At the same time, the Ghosn case has also provided ammunition the system's defenders, who can now paint him as a fugitive from justice. Masakazu Toyoda, a Nissan outside director from the Japanese Ministry of Economy, Trade, and Industry, when asked about Ghosn's claim that Toyoda himself was part of a conspiracy against the executive, simply said "I don't have time to deal with a one-man show by someone who violated the law and escaped justice." Officials also now defend locking up Ghosn for long periods simply by saying that his escape proves their concern that he was a flight risk.

The affair has also cast fresh attention on the "forgotten man" in the case, former Nissan executive Greg Kelly, who is charged with helping Ghosn. Japanese media have drawn the comparison between the rich executive with global friends and the 63-year-old American who says he was arrested when called to Japan for a company meeting. Ghosn has himself championed Kelly's plight and the outcome of his trial on the question of the compensation plans, which will now serve as a proxy in the case against his former boss. It's not certain how Ghosn's departure will influence his case.
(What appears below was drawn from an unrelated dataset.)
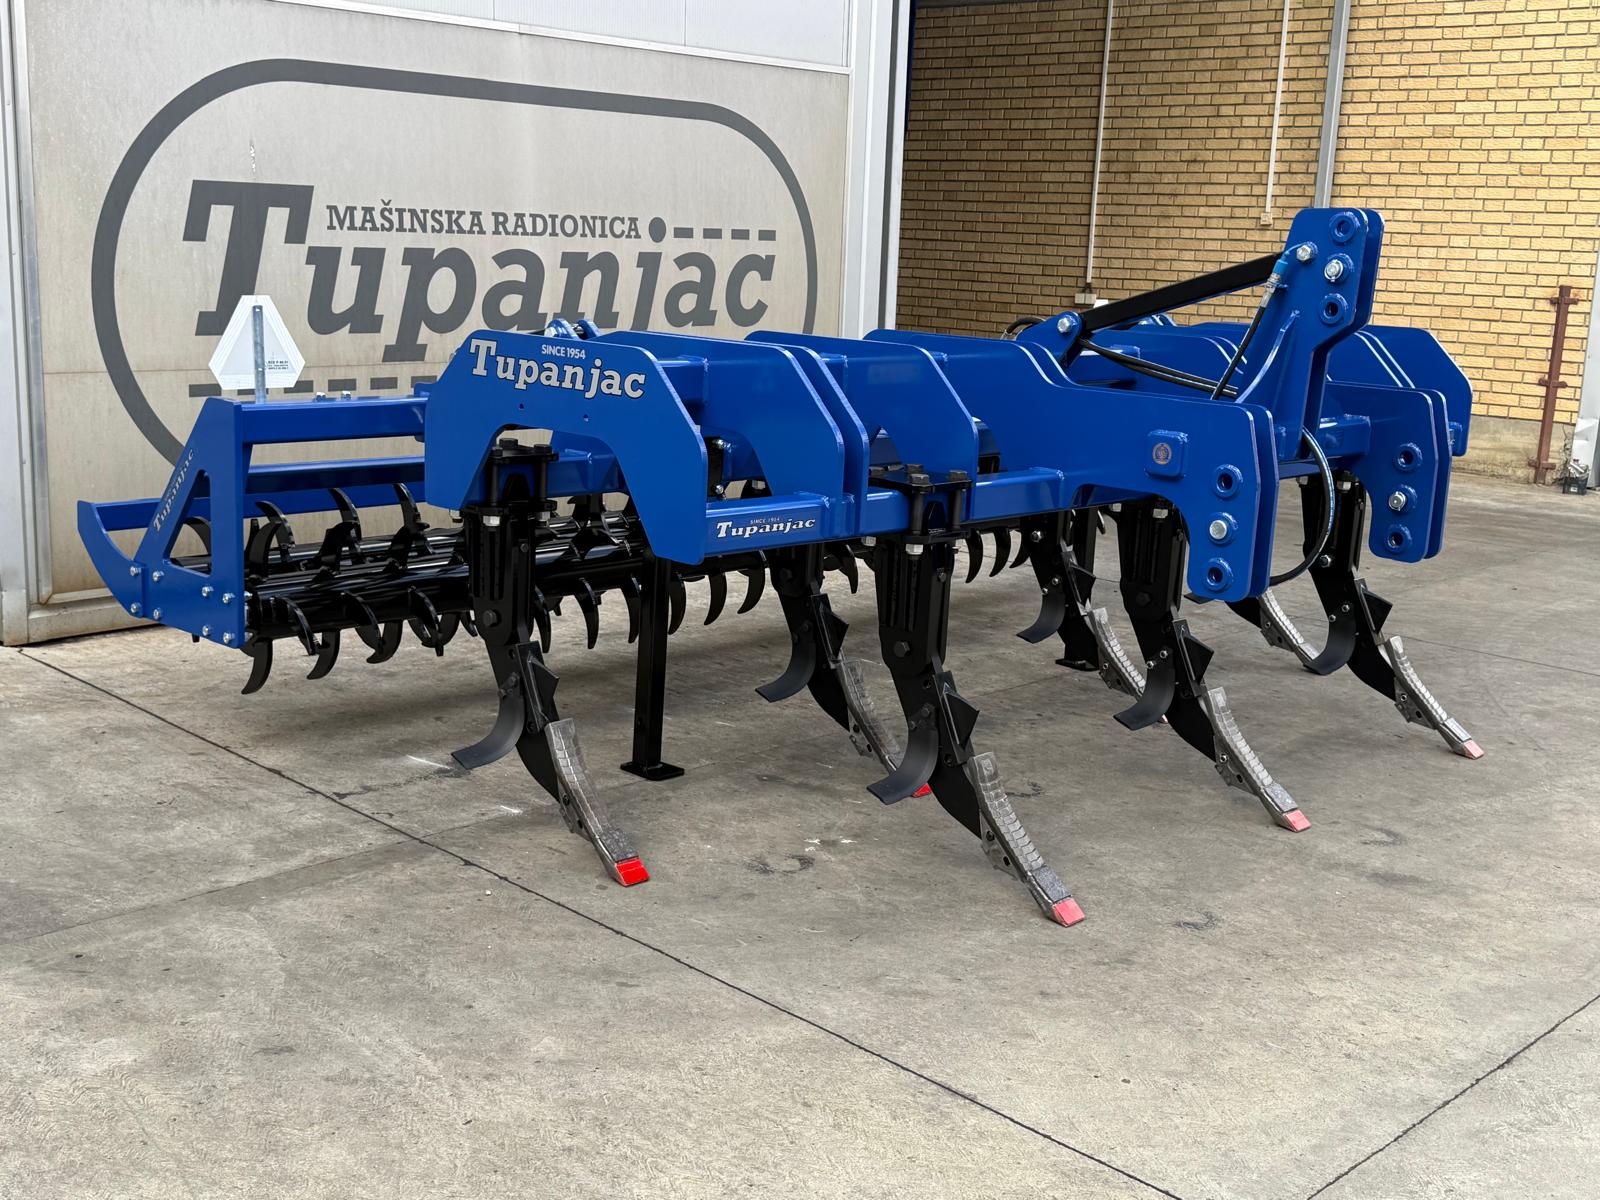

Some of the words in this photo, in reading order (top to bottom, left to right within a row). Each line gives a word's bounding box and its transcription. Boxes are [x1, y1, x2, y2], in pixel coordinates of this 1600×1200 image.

On the one hand, prosecutors will want to show there was wrongdoing. At the same time, their methods will be under wider scrutiny in the international arena, with the observation that none of the Japanese executives involved, such as interim CEO Hiroto Saikawa, are in the dock to share the pain.

But even as they dig in their heels, Japan's justice officials are going to find the international temperature rising as a partly liberated Ghosn continues to roll out information he says proves that the fix was in place long before his arrest. The Justice Ministry has this week published a cheery Q&A document about how the Japanese system is fine, a clear sign that it is nervous about what is to come. While he has so far avoided naming specific government officials, Ghosn has claimed that he has evidence of direct collusion by the government with Nissan and is reported to be planning a second news conference shortly. That will certainly not be good news for the Japanese ministries trying to attract more foreign investment and senior executives into the country.